RECORDED INFORMATION >>
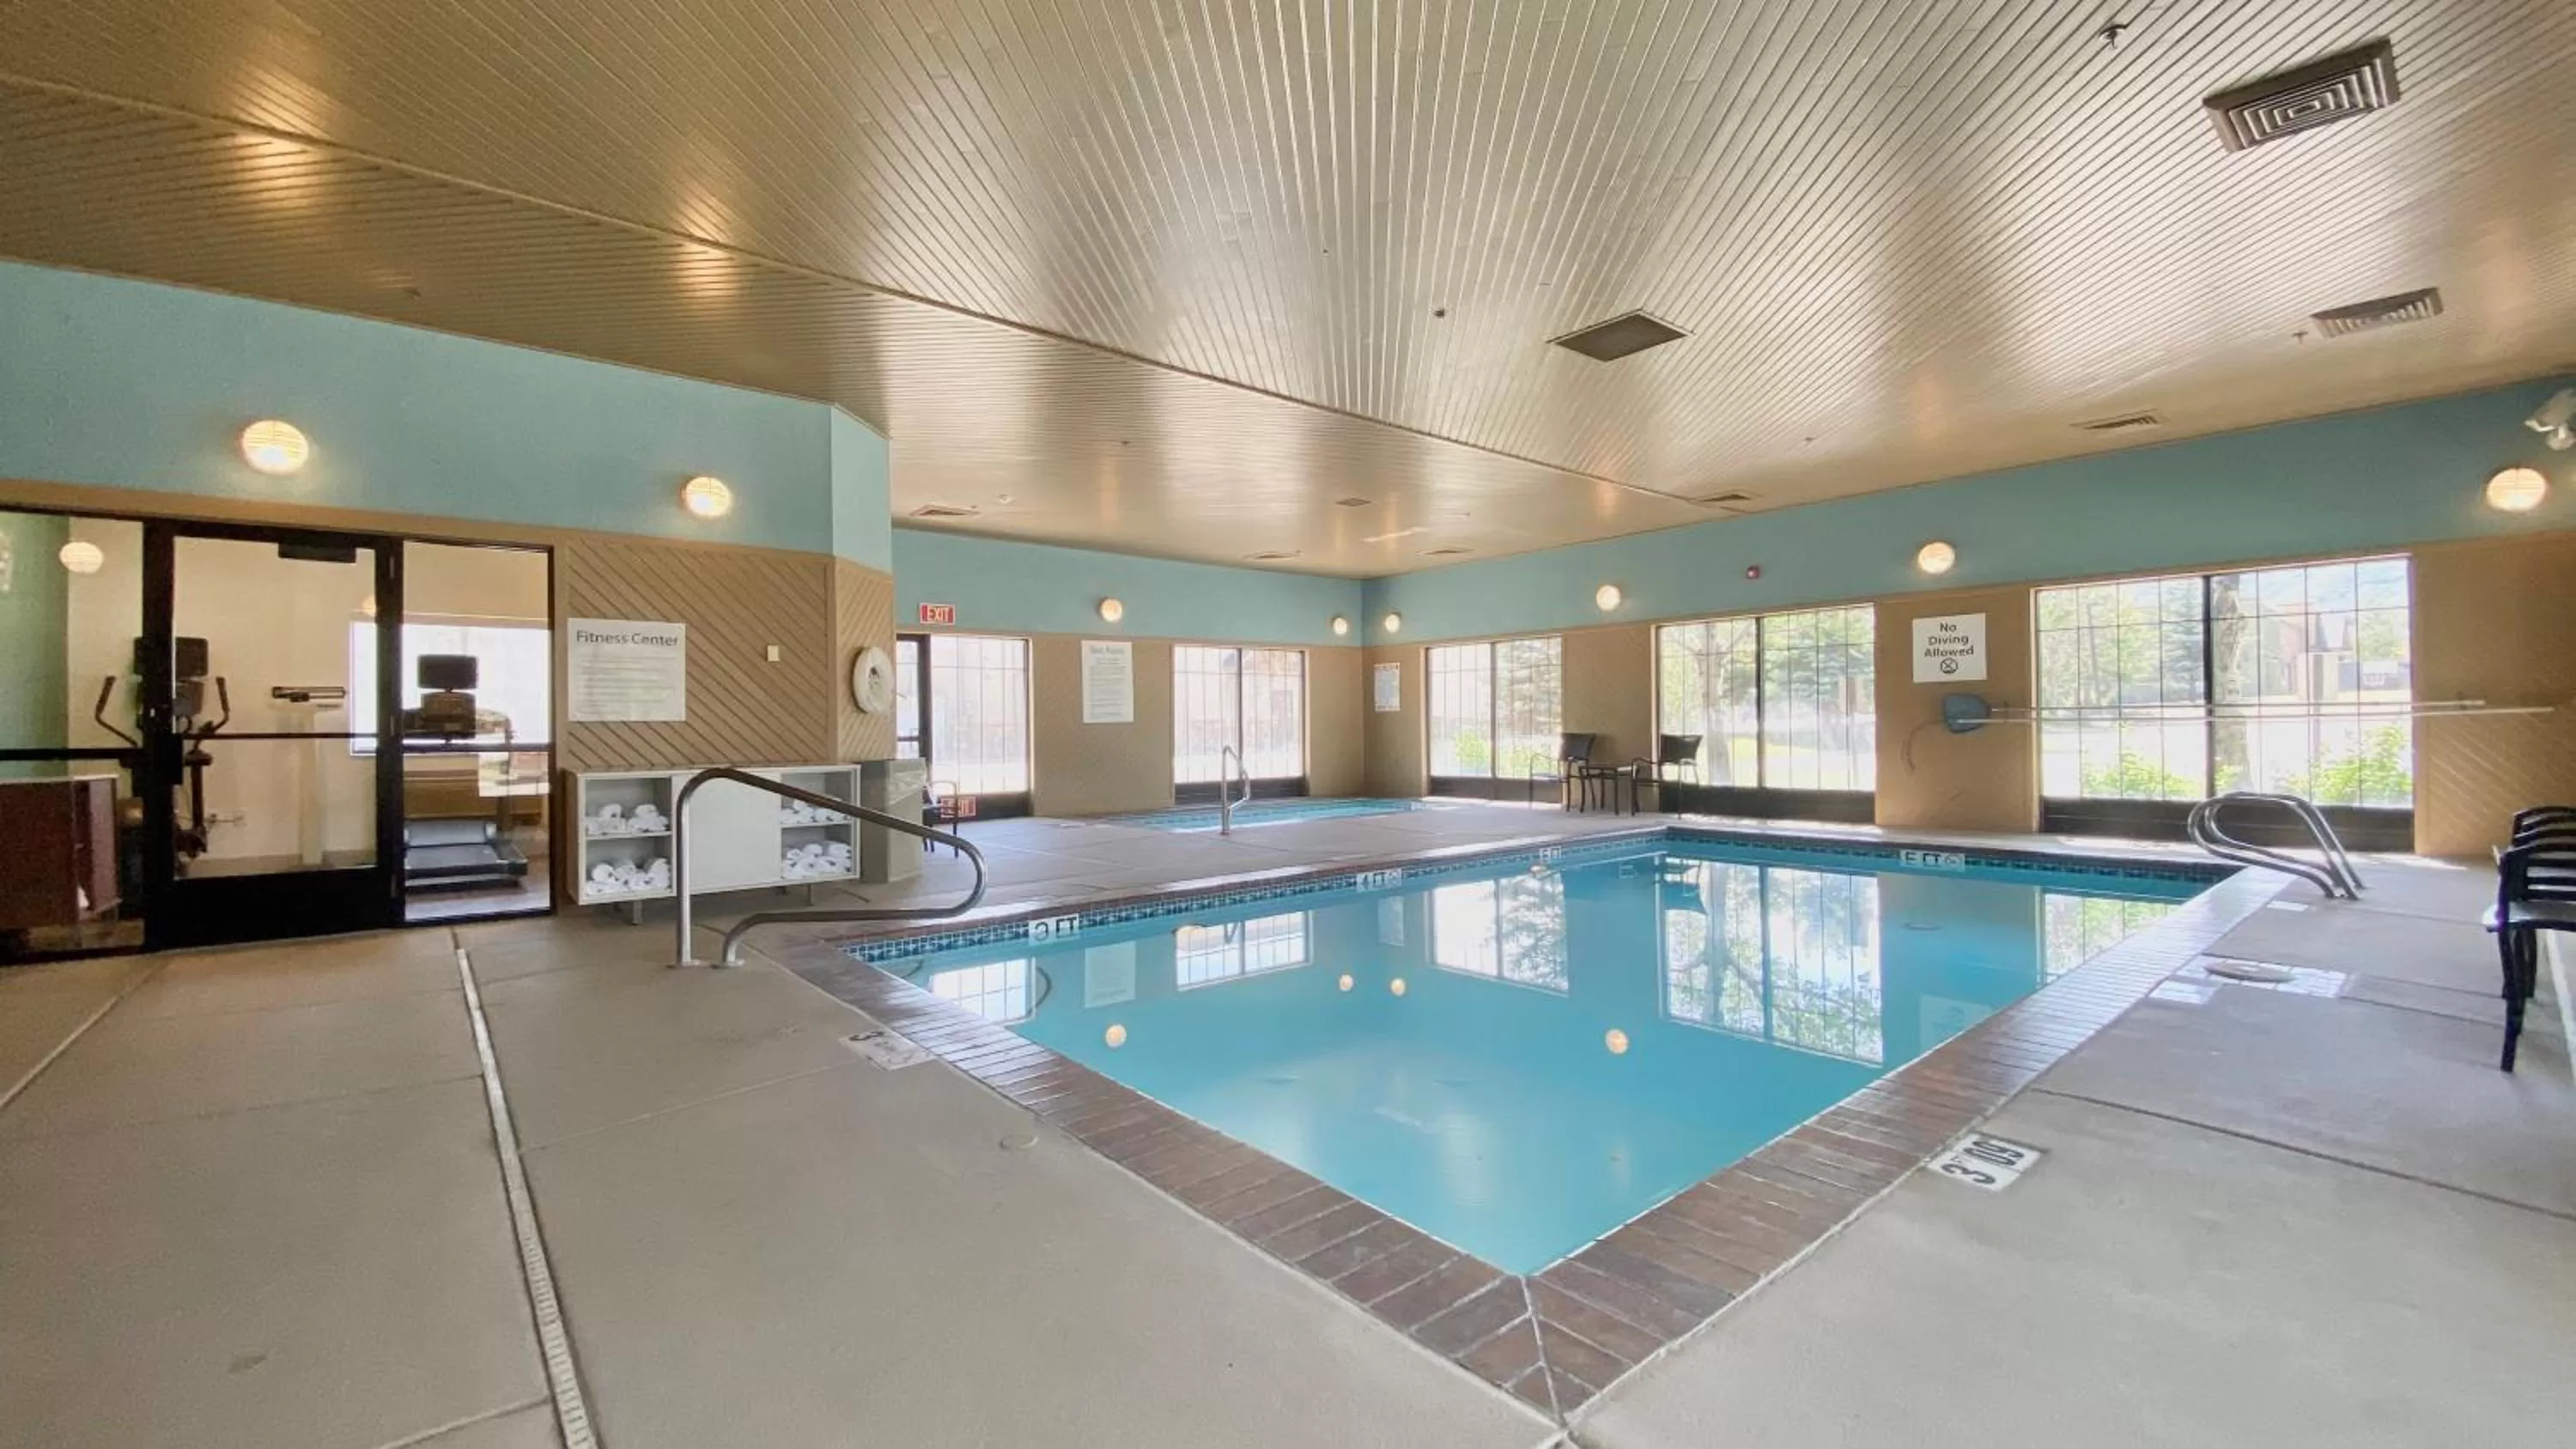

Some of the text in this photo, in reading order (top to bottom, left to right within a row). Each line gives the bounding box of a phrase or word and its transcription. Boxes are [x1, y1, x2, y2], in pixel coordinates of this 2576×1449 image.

[927, 606, 949, 622] EXIT
[1940, 622, 1957, 633] No
[576, 629, 678, 646] Fitness Center
[1927, 635, 1969, 646] Diving
[1924, 645, 1974, 658] Allowed
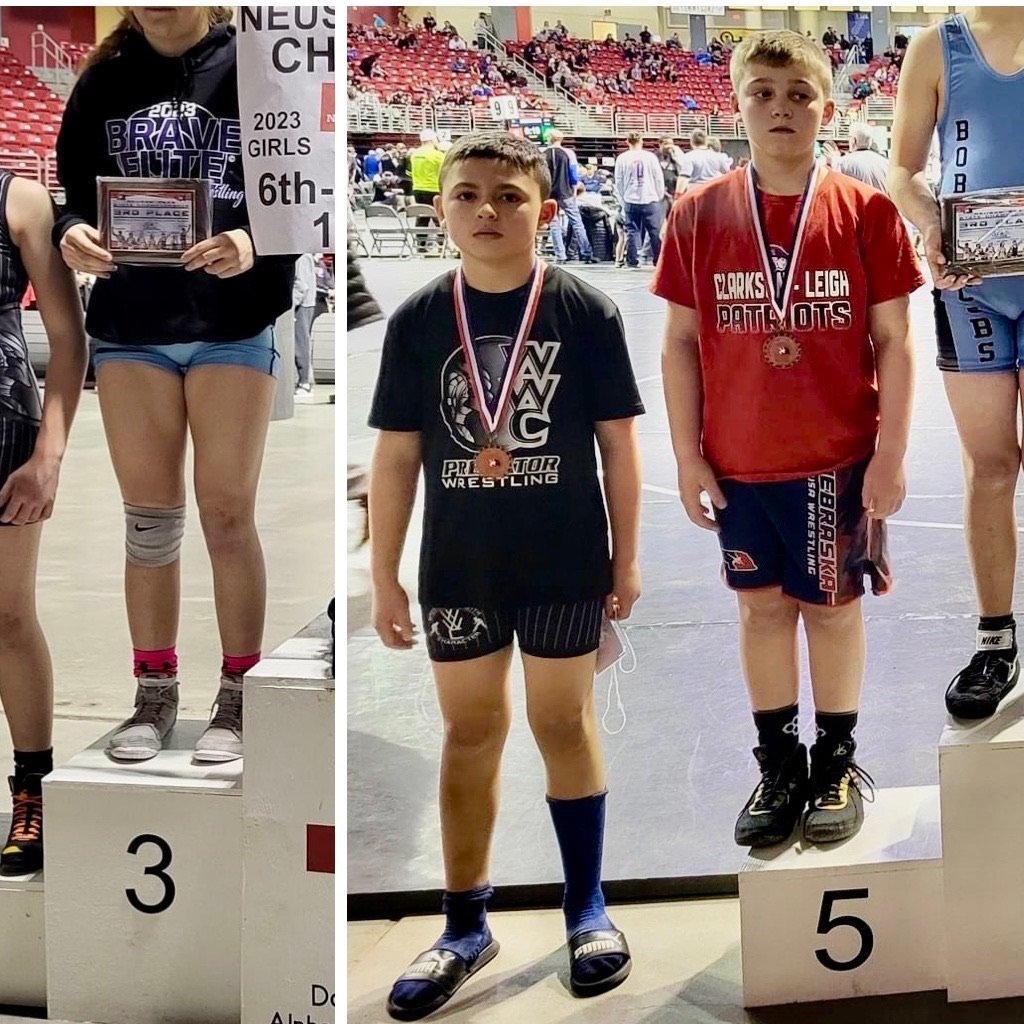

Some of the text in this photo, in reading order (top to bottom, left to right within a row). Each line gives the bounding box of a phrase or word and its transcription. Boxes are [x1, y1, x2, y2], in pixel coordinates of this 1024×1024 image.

[253, 111, 301, 131] 2023
[105, 117, 241, 156] BRAVE
[248, 138, 311, 158] GIRLS
[806, 269, 850, 298] LEIGH
[716, 301, 852, 334] PATROTS
[442, 473, 559, 488] WRESTLING
[807, 502, 816, 576] WRESTLING
[981, 636, 1002, 646] NIKE
[125, 833, 176, 914] 3
[813, 887, 875, 972] 5
[312, 984, 335, 1007] D
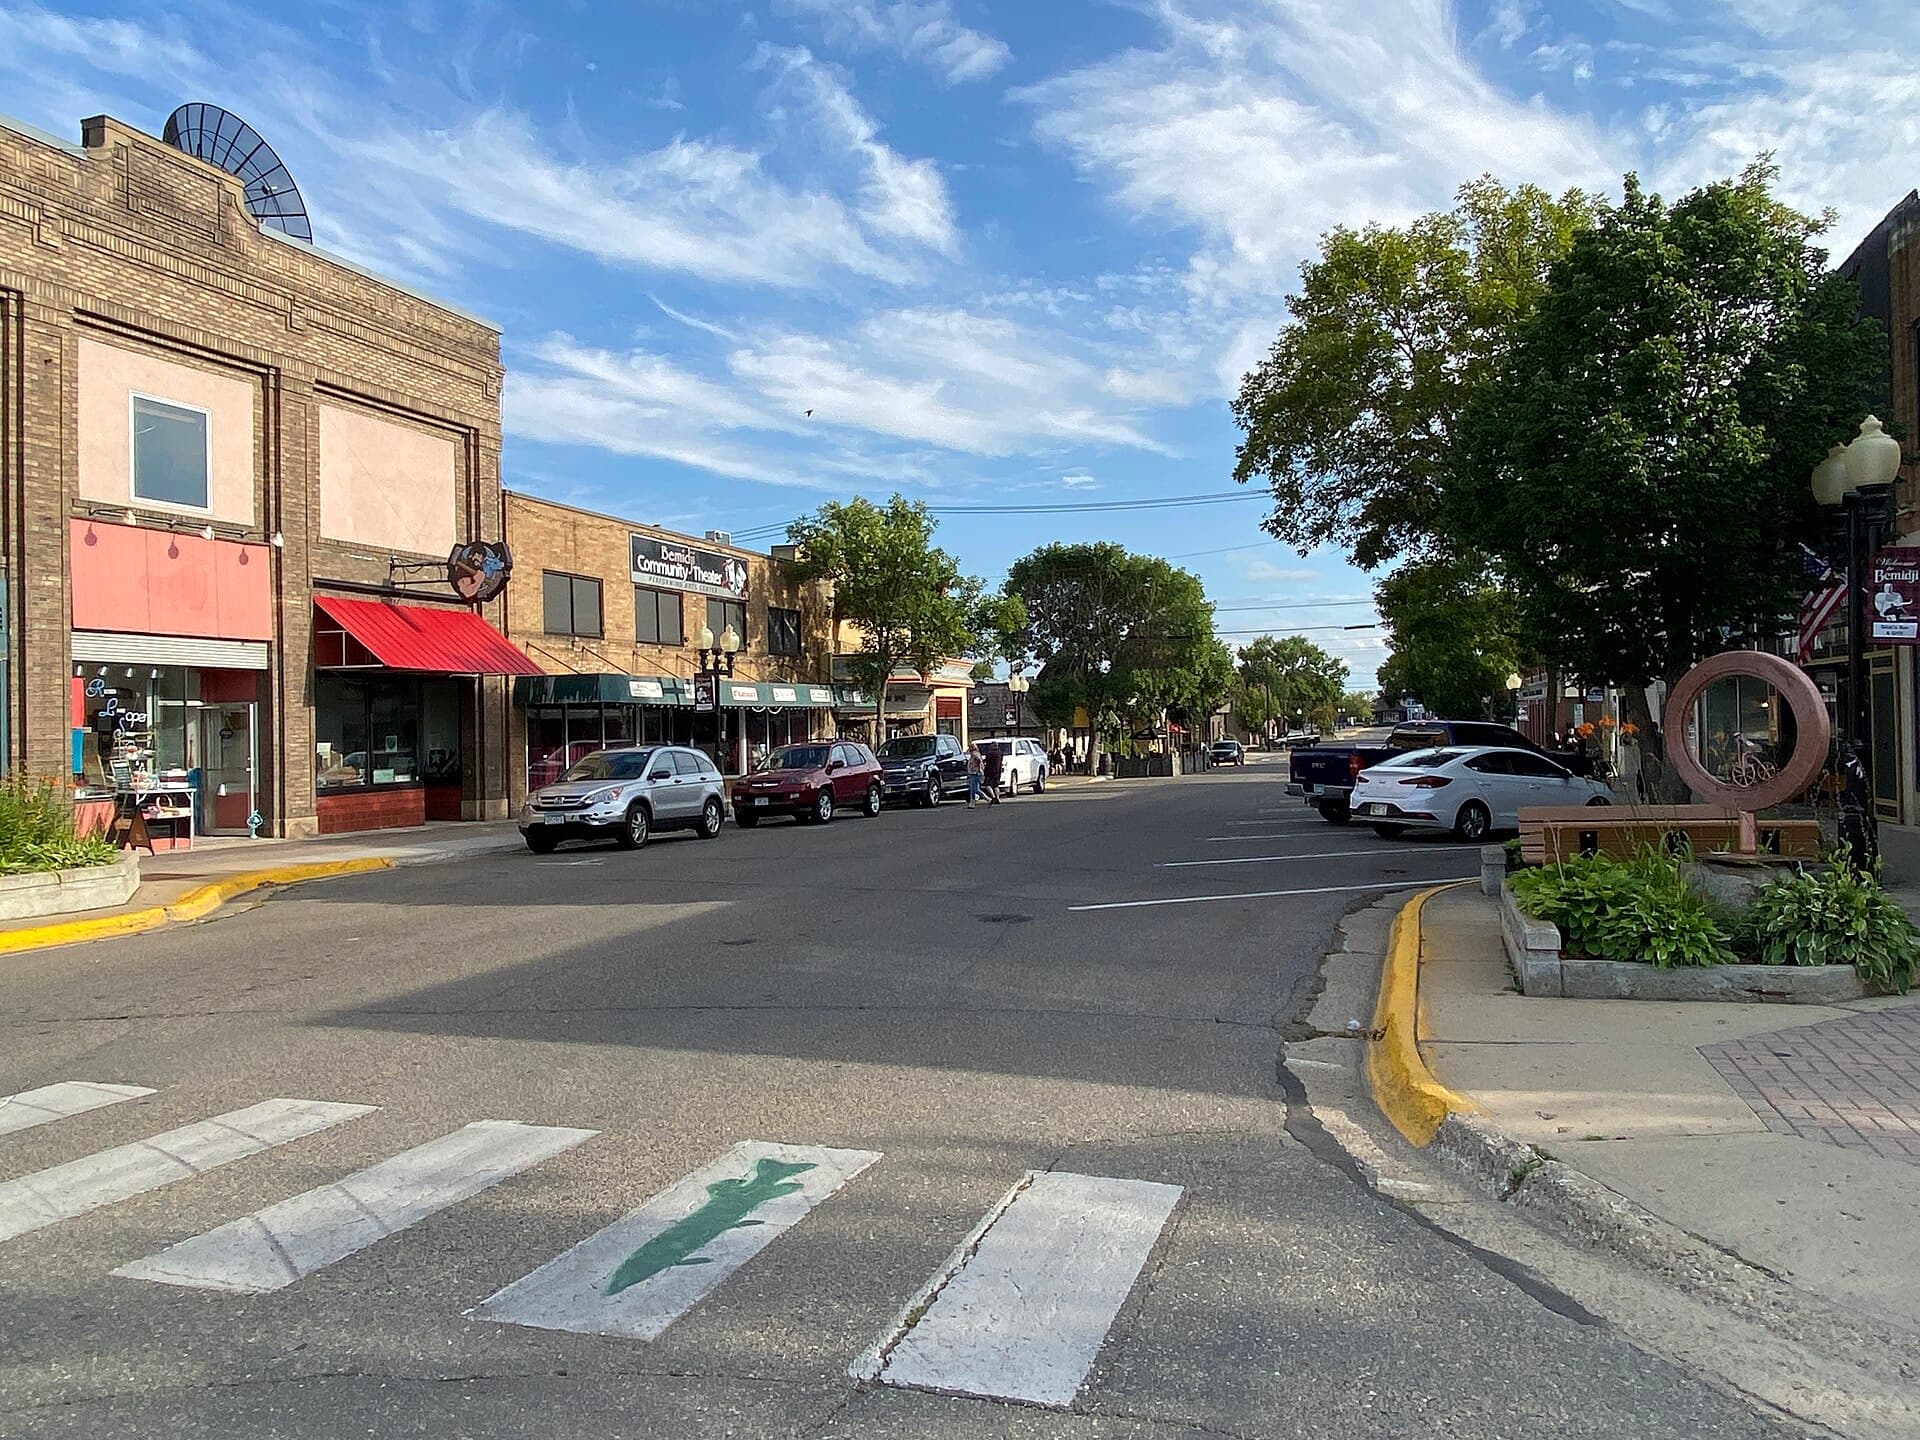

EXERCISE GOAL >> Only the lines from the one holding "this 1024×1024 image." through the end of the data are to be printed, exactly as they stand and with no pictures.

RESULT OF THE EXERCISE >>
Some of the text in this photo, in reading order (top to bottom, left to right within a row). Each line gives the bounding box of a phrase or word and its transcription. Boxes are [x1, y1, x2, y2], in pixel coordinates of this 1024×1024 image.

[253, 111, 301, 131] 2023
[105, 117, 241, 156] BRAVE
[248, 138, 311, 158] GIRLS
[806, 269, 850, 298] LEIGH
[716, 301, 852, 334] PATROTS
[442, 473, 559, 488] WRESTLING
[807, 502, 816, 576] WRESTLING
[981, 636, 1002, 646] NIKE
[125, 833, 176, 914] 3
[813, 887, 875, 972] 5
[312, 984, 335, 1007] D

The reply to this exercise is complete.